En ce qui concerne l’extension du champ de la proposition de loi, nous avons souhaité que celle-ci s’applique aussi aux SPL d’aménagement et aux SPL d’aménagement d’intérêt national. Cette extension est justifiée par la volonté de protéger les SPL d’aménagement contre les effets de la jurisprudence en cause, mais aussi de garder l’homogénéité du droit applicable aux différentes entreprises publiques locales.

Enfin, l’article 4 de la proposition de loi a été introduit afin de valider l’actionnariat des entreprises publiques locales existantes qui ne respectent pas le nouveau critère fixé par le Conseil d’État. Nous aurons l’occasion de revenir sur ce point lors de l’examen des amendements.

En outre, la commission a déposé un amendement de séance tendant à fixer les modalités d’application outre-mer de cette proposition de loi. Pour faire obstacle à toute irrecevabilité financière, je dois vous demander, monsieur le secrétaire d’État, de bien vouloir donner votre accord à cette application ultramarine. Il s’agit d’un accord sur le principe, car les amendements déposés par le Gouvernement montrent que nous devons encore nous accorder sur un certain nombre de points.
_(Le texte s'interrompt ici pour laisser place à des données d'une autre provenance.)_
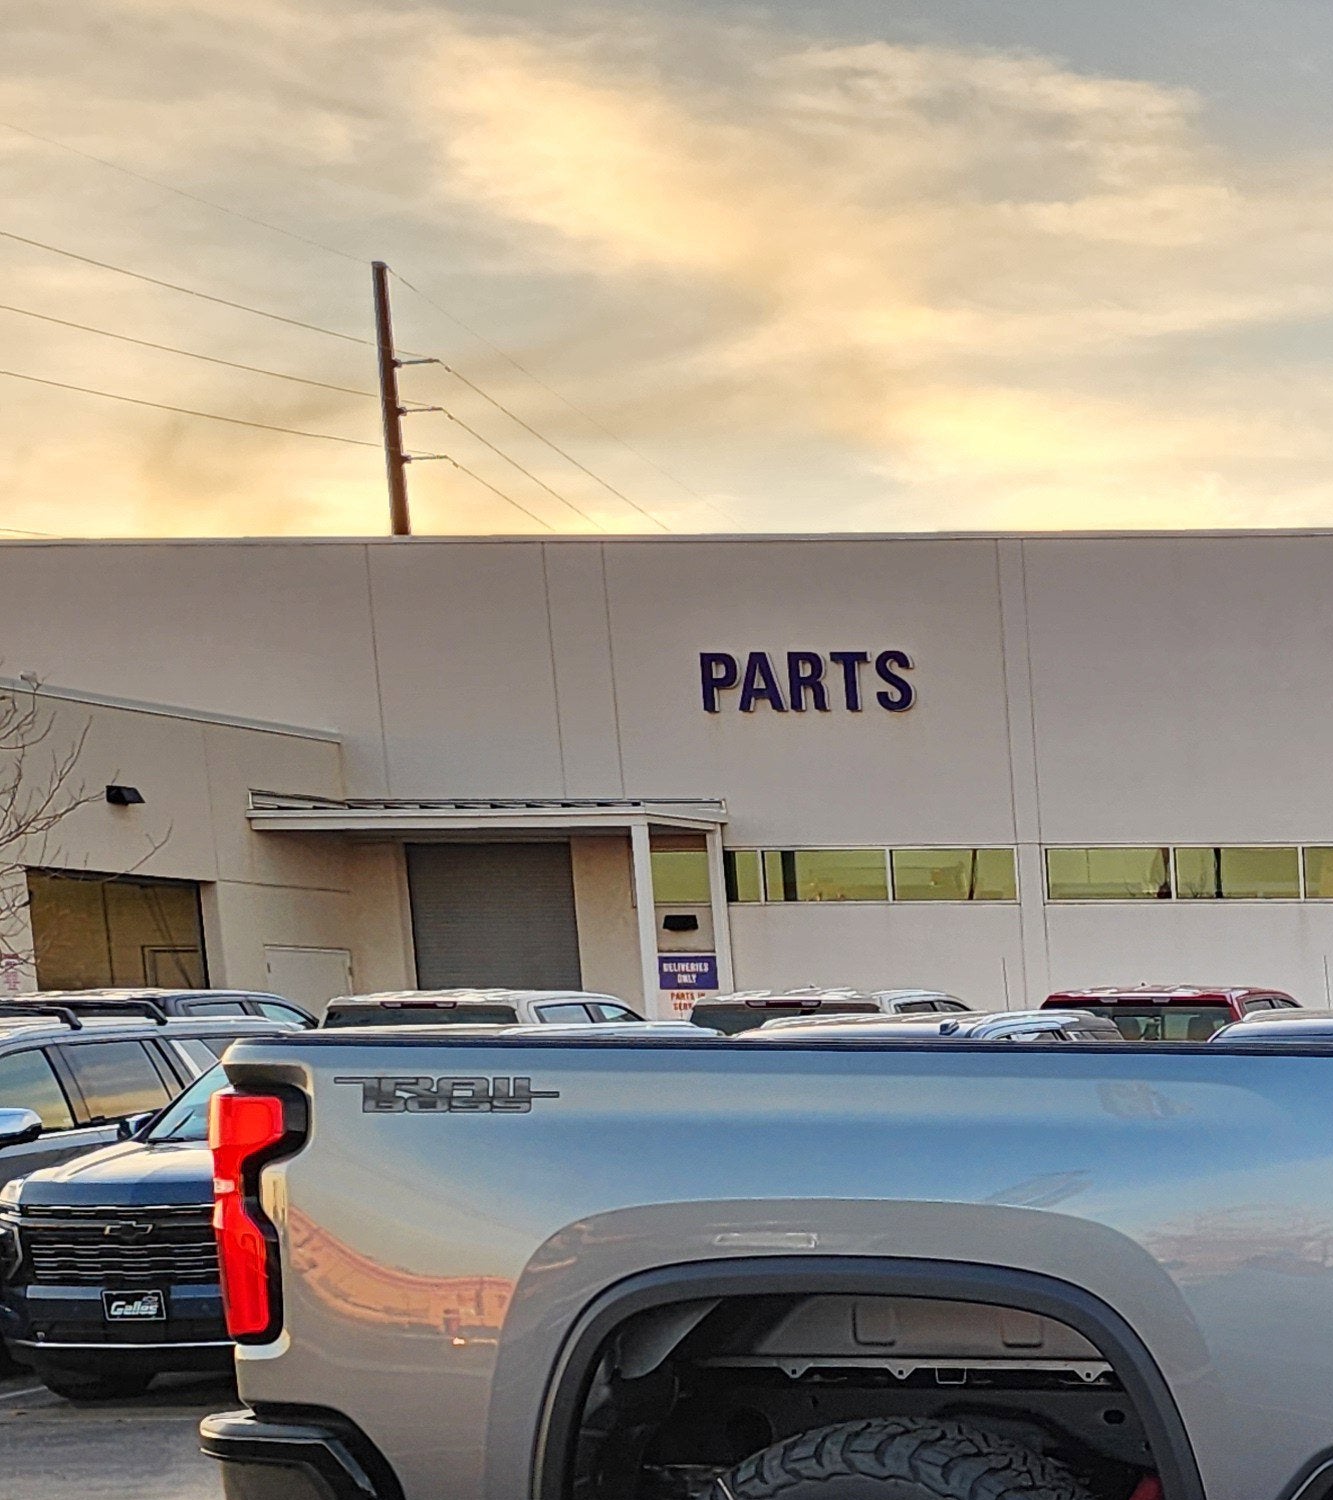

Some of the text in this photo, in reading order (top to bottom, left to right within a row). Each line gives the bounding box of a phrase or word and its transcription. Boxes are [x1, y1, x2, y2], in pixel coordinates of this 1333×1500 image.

[699, 650, 916, 712] PARTS
[662, 962, 709, 973] DELIVERIES
[677, 973, 697, 984] ONLY
[670, 992, 695, 1001] PARTS
[334, 1076, 560, 1099] TRAIL
[362, 1096, 532, 1113] BOSS
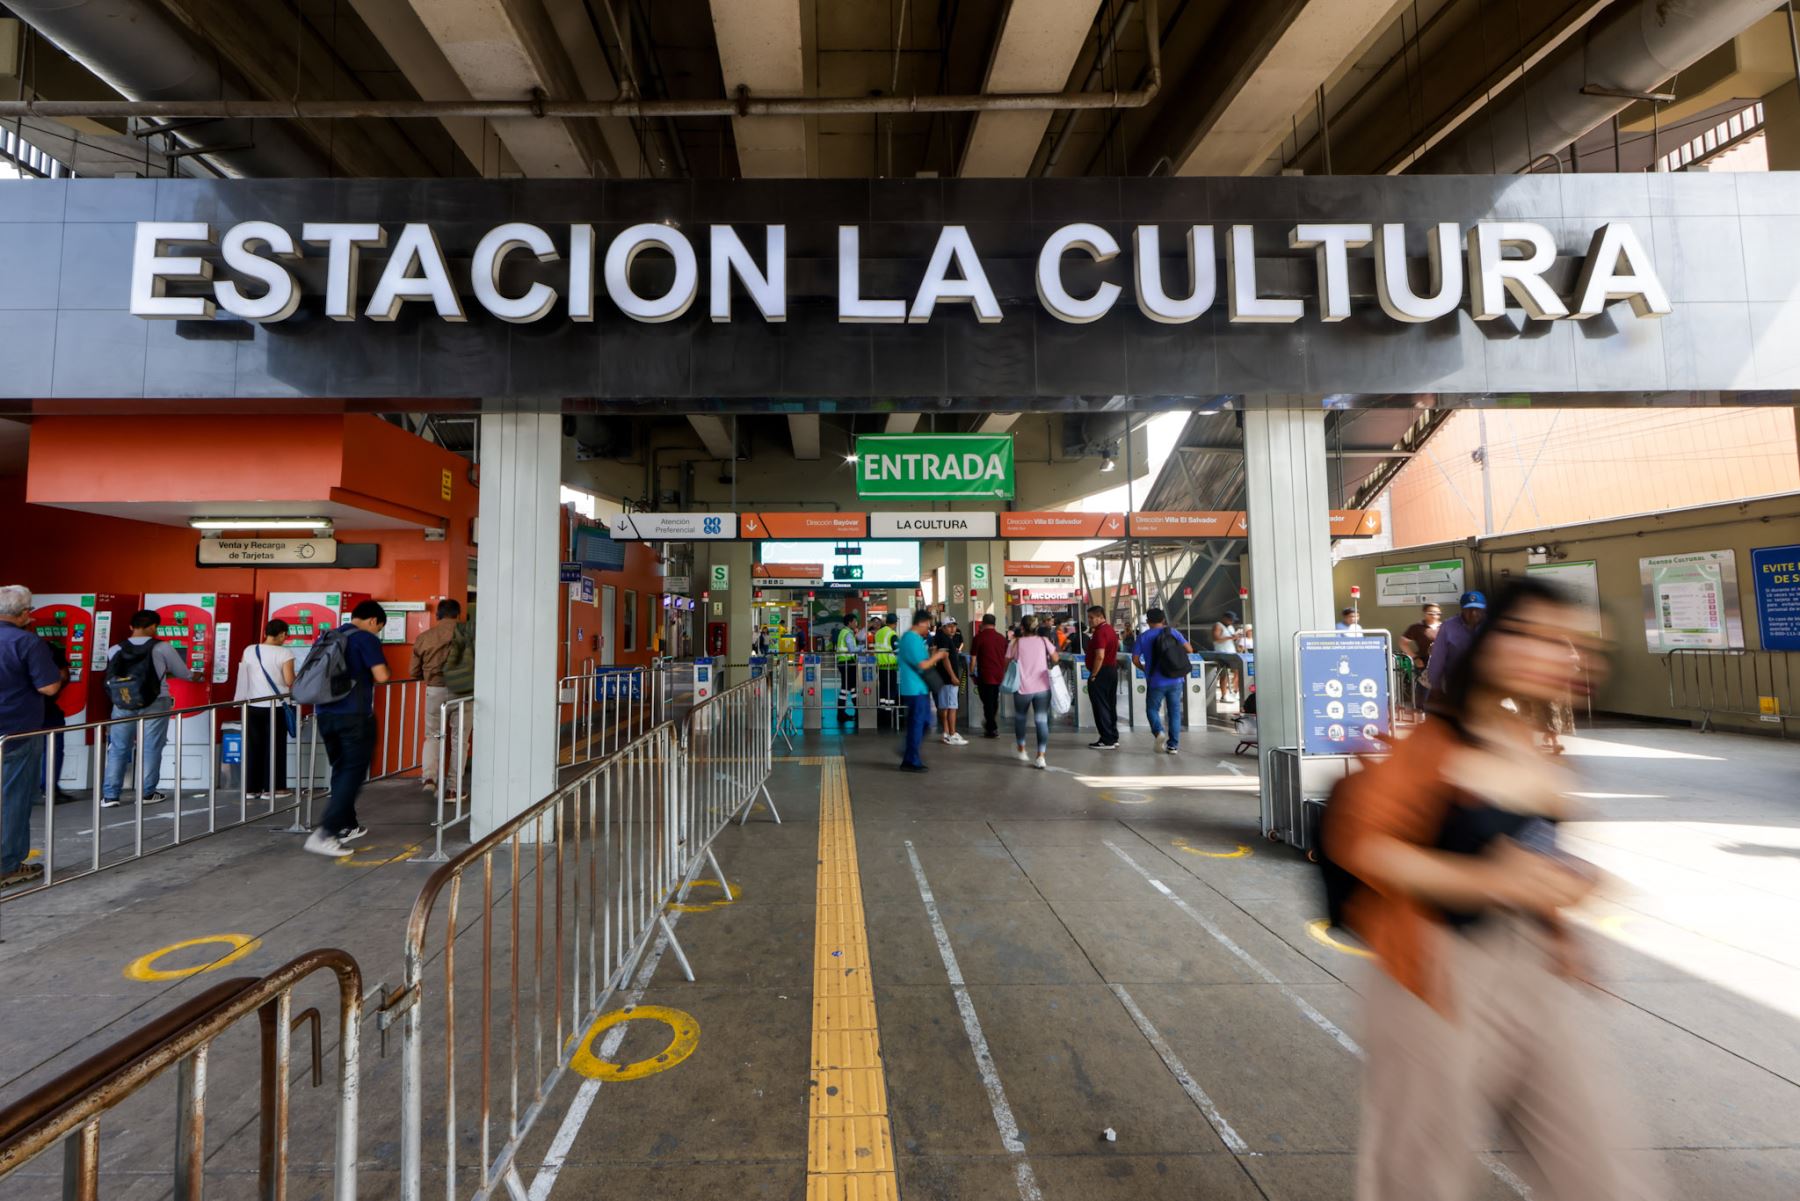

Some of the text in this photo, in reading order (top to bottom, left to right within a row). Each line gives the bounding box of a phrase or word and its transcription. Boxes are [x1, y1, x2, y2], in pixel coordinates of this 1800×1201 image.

Comme je l’ai dit, nos territoires attendent une réponse rapide de notre part. Je pense, en revanche, que cette réponse ne doit pas être formulée au détriment de la clarté et de la prévisibilité du droit applicable aux entreprises publiques locales. Au cours de l’examen des amendements, je n’aurai de cesse de le rappeler.

Nous ne devons pas laisser à la jurisprudence le soin de définir un certain nombre de points, pour éviter de nous retrouver dans la situation dans laquelle nous sommes. Cette proposition de loi a donc pour objet de répondre à un problème précis. Elle ne doit pas, pour ce faire, en créer de nouveaux pour nos territoires. (Applaudissements sur les travées du groupe Union Centriste, ainsi que sur des travées du groupe Les Républicains.)